[WHAT TO PRODUCE]
Write out nothing except the lines running from the one containing "Some of the words" to the last line of the data, exactly as they stand.

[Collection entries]
════════════════

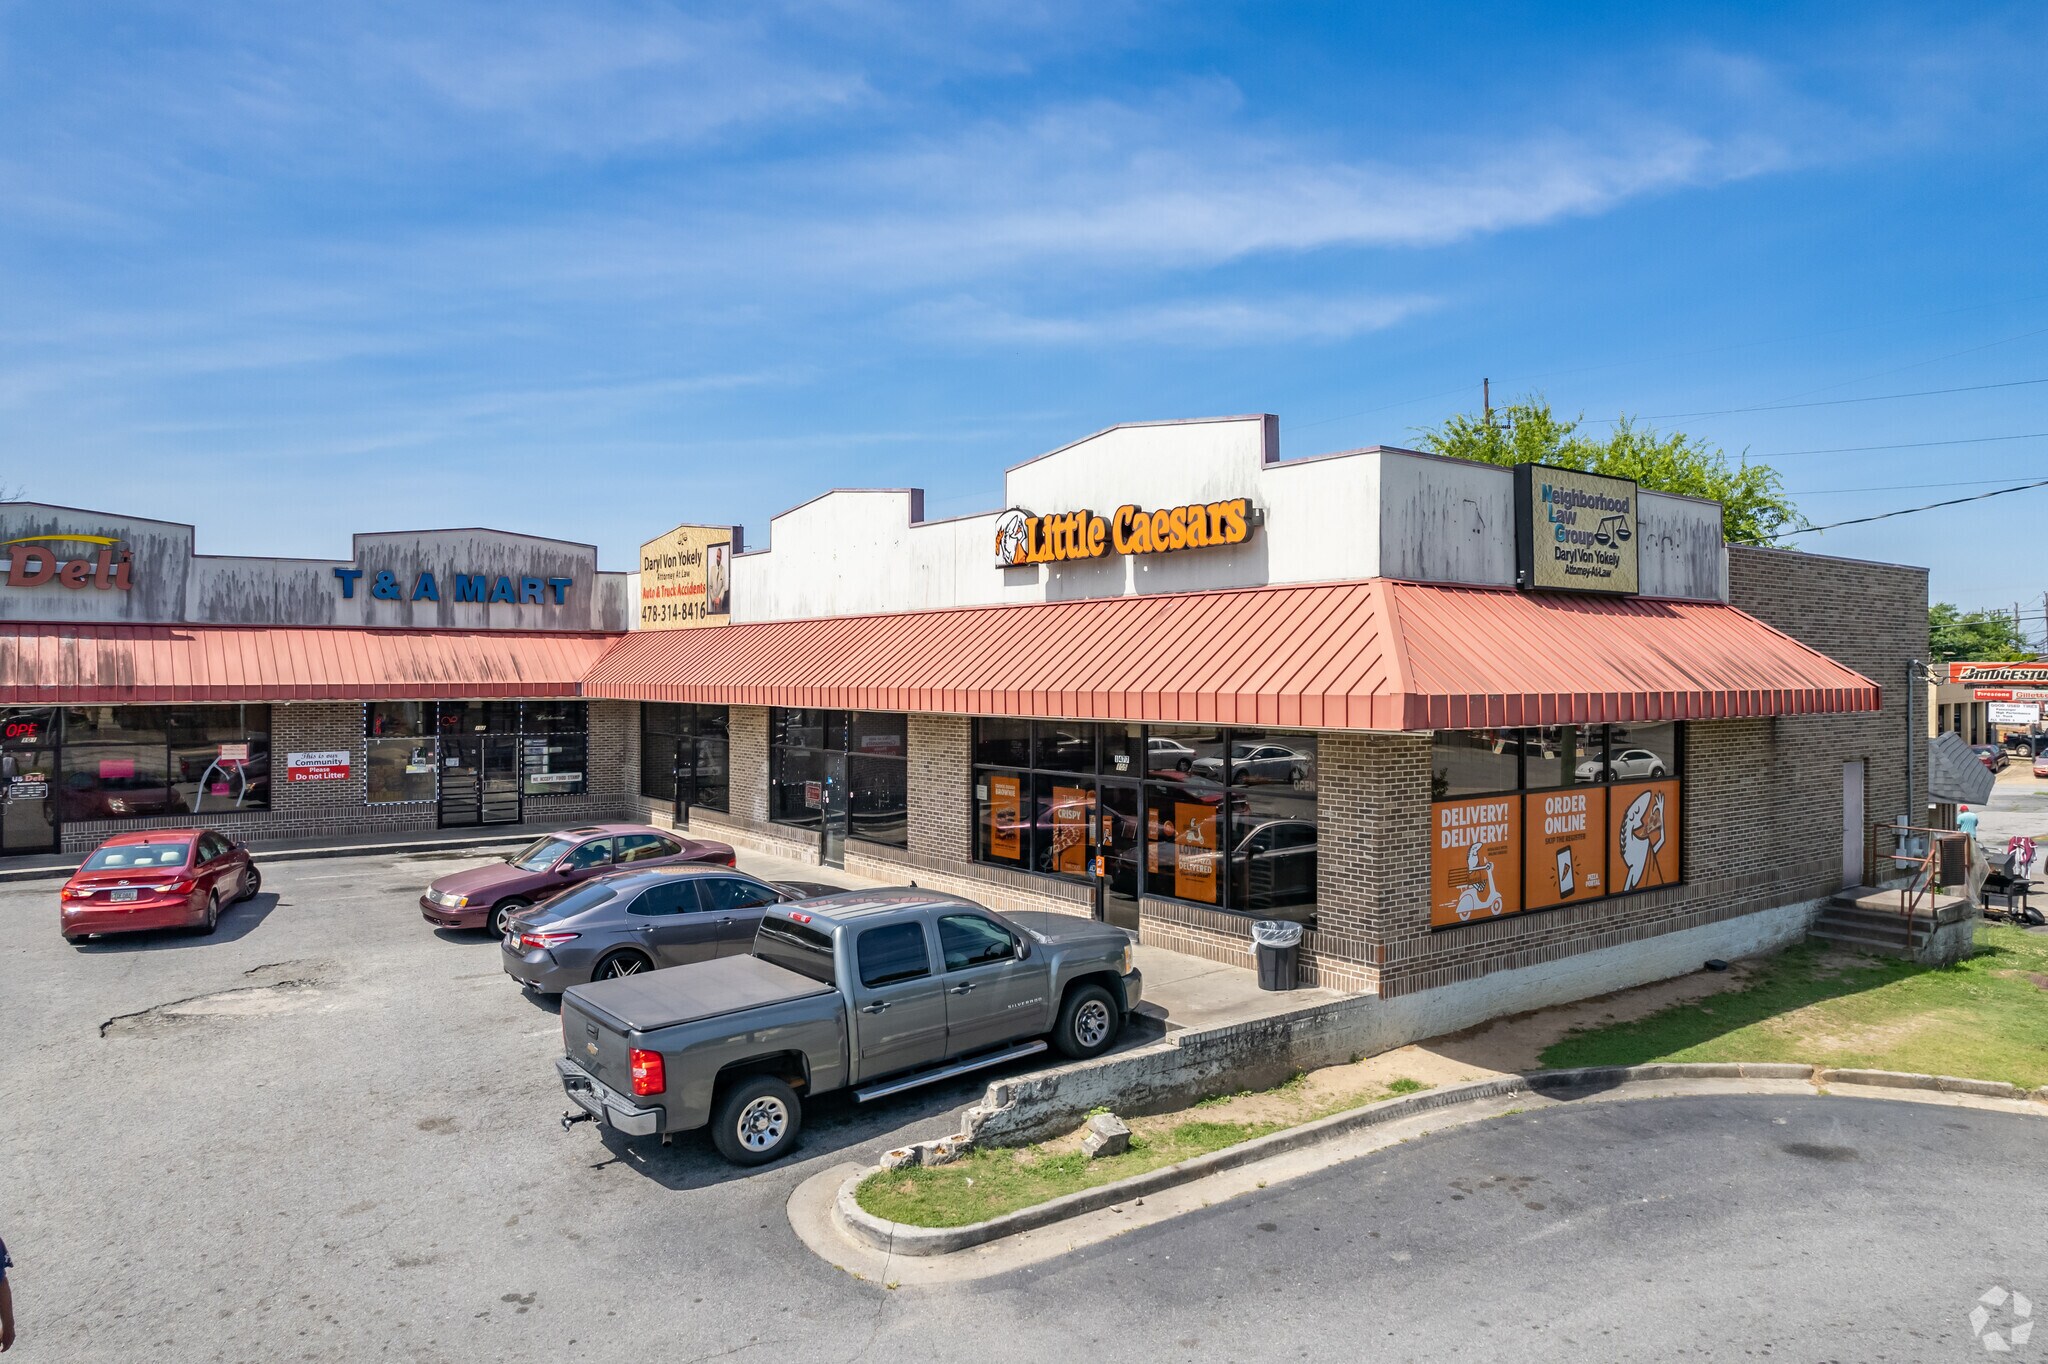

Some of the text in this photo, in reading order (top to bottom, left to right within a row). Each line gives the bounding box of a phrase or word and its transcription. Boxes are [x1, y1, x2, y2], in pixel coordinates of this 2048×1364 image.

[1541, 483, 1630, 514] Neighborhood
[1548, 503, 1577, 525] Law
[1024, 498, 1250, 564] Little Caesars
[1554, 523, 1595, 549] Group
[5, 544, 135, 591] Deli
[644, 548, 702, 573] Daryl Von Yokely
[1554, 546, 1620, 569] Daryl Von Yokely
[334, 568, 573, 605] T & A MART
[657, 572, 675, 580] Attorney
[642, 582, 706, 599] Auto & Truck Accidents
[641, 602, 706, 622] 478-314-8416
[1959, 667, 2048, 681] BRIDGESTO
[301, 752, 316, 760] This
[25, 773, 45, 782] Deli
[1293, 780, 1316, 792] OPEN
[1057, 808, 1081, 820] CRISPY
[1441, 803, 1509, 828] DELIVERY!
[1545, 794, 1586, 815] ORDER
[1545, 813, 1586, 835] ONLINE
[1441, 823, 1509, 849] DELIVERY!
[1179, 861, 1213, 874] DELIVERED
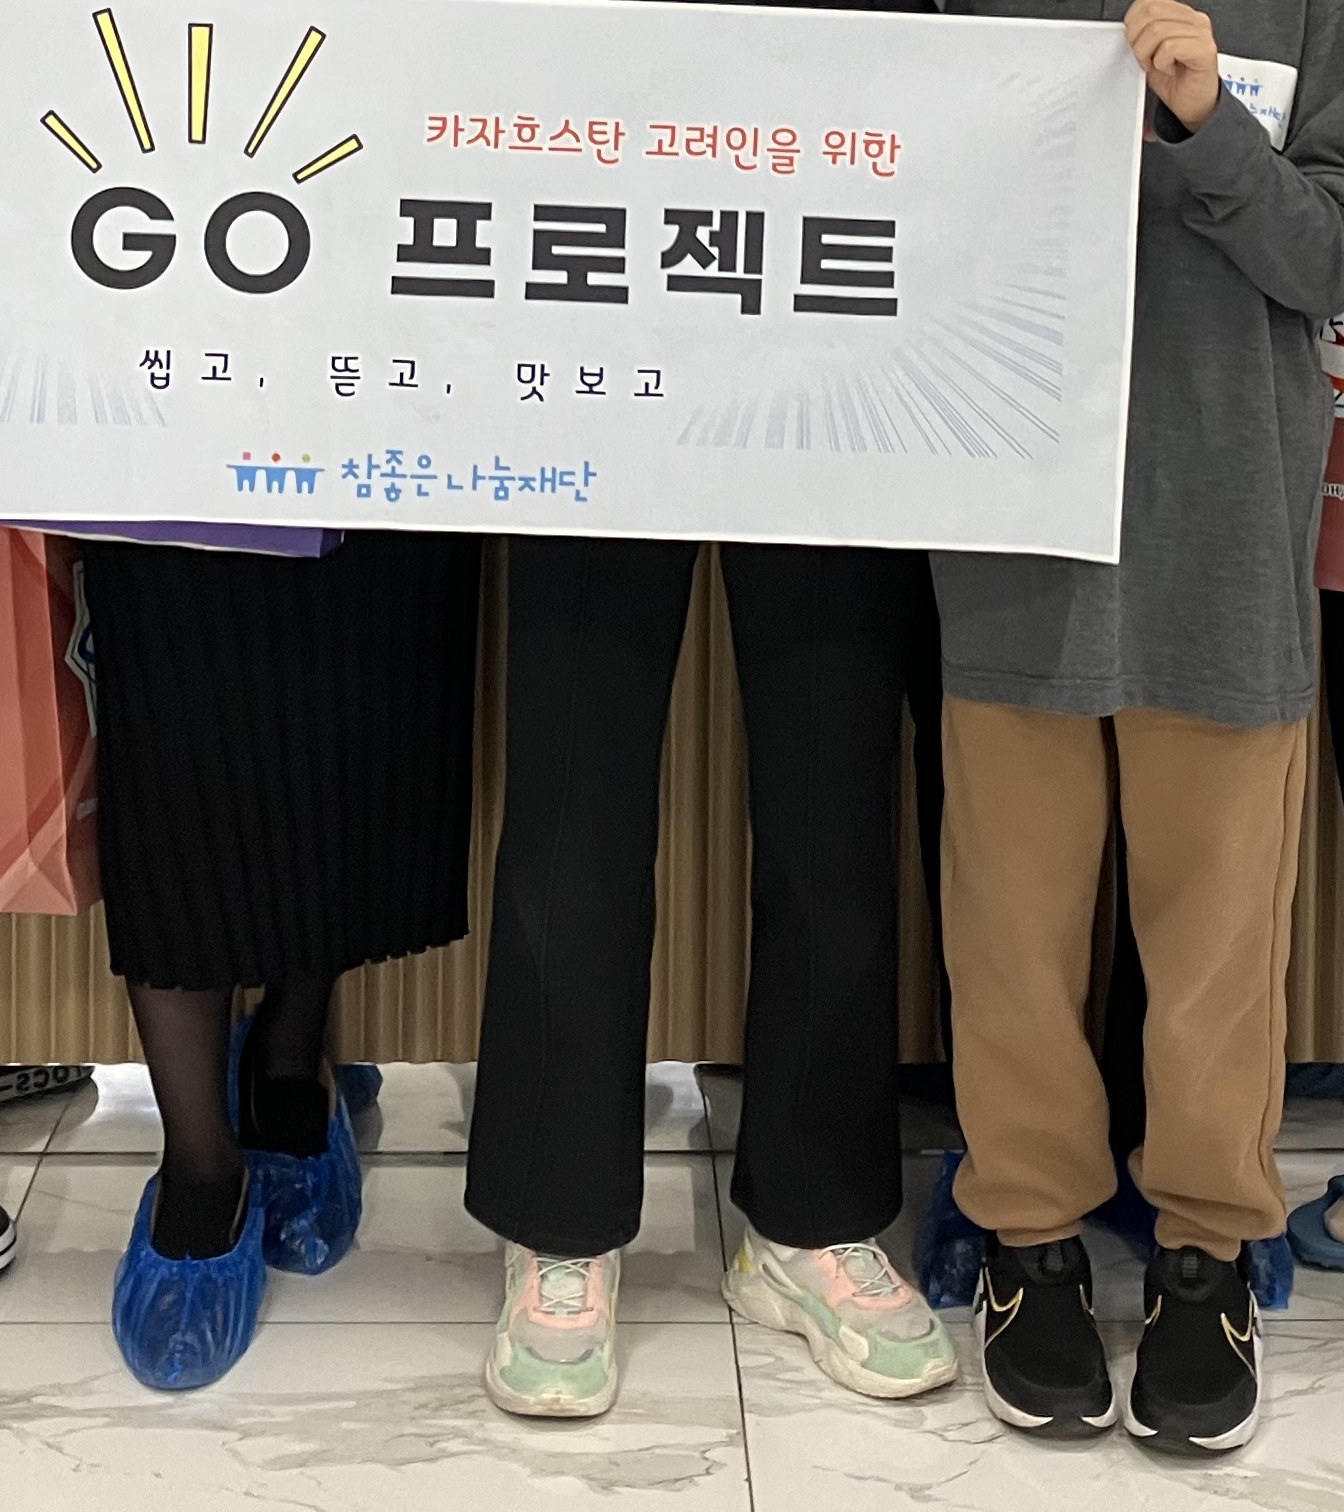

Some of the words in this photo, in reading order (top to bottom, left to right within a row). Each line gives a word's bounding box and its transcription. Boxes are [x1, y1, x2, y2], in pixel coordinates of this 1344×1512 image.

[645, 124, 801, 175] 고려인을
[822, 131, 901, 177] 위한
[70, 186, 312, 294] GO
[390, 197, 898, 317] 프로젝트
[341, 448, 598, 503] 참좋은나눔재단

════════════════

[WRITTEN REPLY]
Some of the words in this photo, in reading order (top to bottom, left to right within a row). Each line gives a word's bounding box and its transcription. Boxes are [x1, y1, x2, y2], in pixel coordinates of this 1344×1512 image.

[645, 124, 801, 175] 고려인을
[822, 131, 901, 177] 위한
[70, 186, 312, 294] GO
[390, 197, 898, 317] 프로젝트
[341, 448, 598, 503] 참좋은나눔재단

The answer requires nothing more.